When it comes to building materials, timber is highly in demand. This can also be seen in the application of floors, more and more different types of timber floor systems are created and applied in buildings. For light floor structures like timber floors, the vibration response is high. This can be explained by the amplitudes of response that are inversely proportional to the self-weight of the structure. Therefore, vibrations such as human induced vibrations (i.e. walking, running etc.) cause an issue for timber floors, due to the low self-weight of the floors.

As a starting point, the vibrational performance of timber floor systems is investigated through a case study on different types of timber floor systems. In this case study, the influence of different parameters on the vibrational performance of the floor will be analysed. From this case study it was found that vibrations are mainly controlled by the parameters fundamental frequency, modal mass, and damping. A higher frequency, which is obtained by increasing the stiffness of the floor, decreases the sensibility of vibrations. By increasing the modal mass of the system, the amplitude of the vibrations is decreased . An example of an exited mass, that being the mass that is exited during a vibration, is shown in the video below. For both situations, more materials were required to meet the requirements on vibrations. To decrease the use of additional materials, masses or dampened masses can be strategically placed in the system. The strategic mass will be implemented and analysed using finite element modelling in the next phase.

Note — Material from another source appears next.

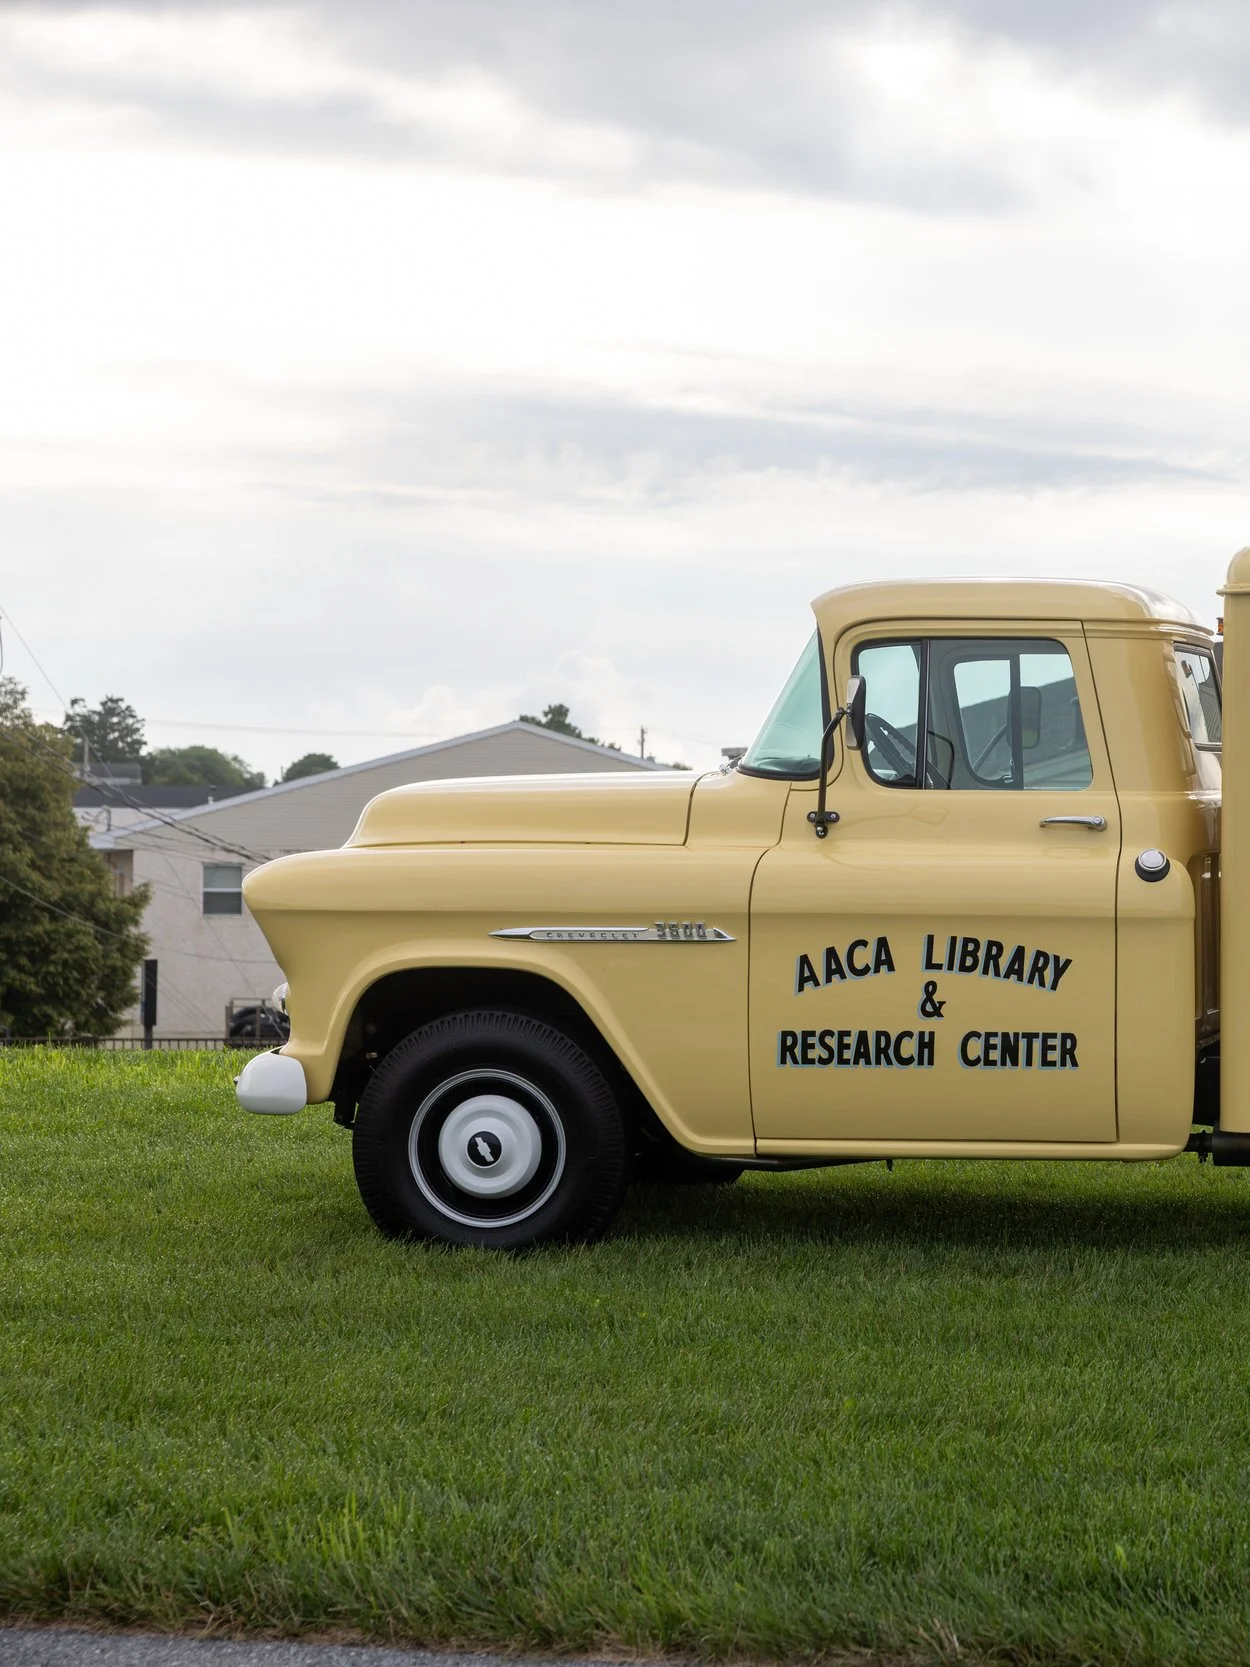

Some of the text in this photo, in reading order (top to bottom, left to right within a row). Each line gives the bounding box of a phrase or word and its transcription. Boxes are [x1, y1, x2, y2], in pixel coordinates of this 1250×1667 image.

“An analytical analysis of the vibrations of the floor systems is performed based on the OS-RMS90 method. The OS-RMS90 value is dependent on several parameters: the fundamental frequency, modal mass, and damping of the floor system.

This analysis is performed for four different floor systems: CLT, Lignatur, Joist, and Kerto Ripa floor systems. For each floor, a structural height is chosen based on the ULS state and deflection criteria, resulting in an OS-RMS90 value. After that, the structural height of the same floor system is increased to meet the required class. An example of this analysis can be seen for a CLT floor in the table below.
For a Lignatur floor, for instance, the transverse stiffness is relatively low in comparison to the longitudinal stiffness, meaning the effective width is also small, resulting in a negative effect on the vibrational performance. For CLT, the transverse stiffness is relatively large, meaning that more modal mass is activated during vibrations, keeping the increase in structural height smaller.”

Using the software GSA, the floor elements can be analysed using a footfall analysis. The footfall analysis yields multiple values to analyse the performance of the floor: peak acceleration, RMS acceleration, peak velocity, and RMS velocity. These are the main values used to assess the vibrations performance of a floor. This analysis is used to test the effect of the strategically placed mass on the floor systems.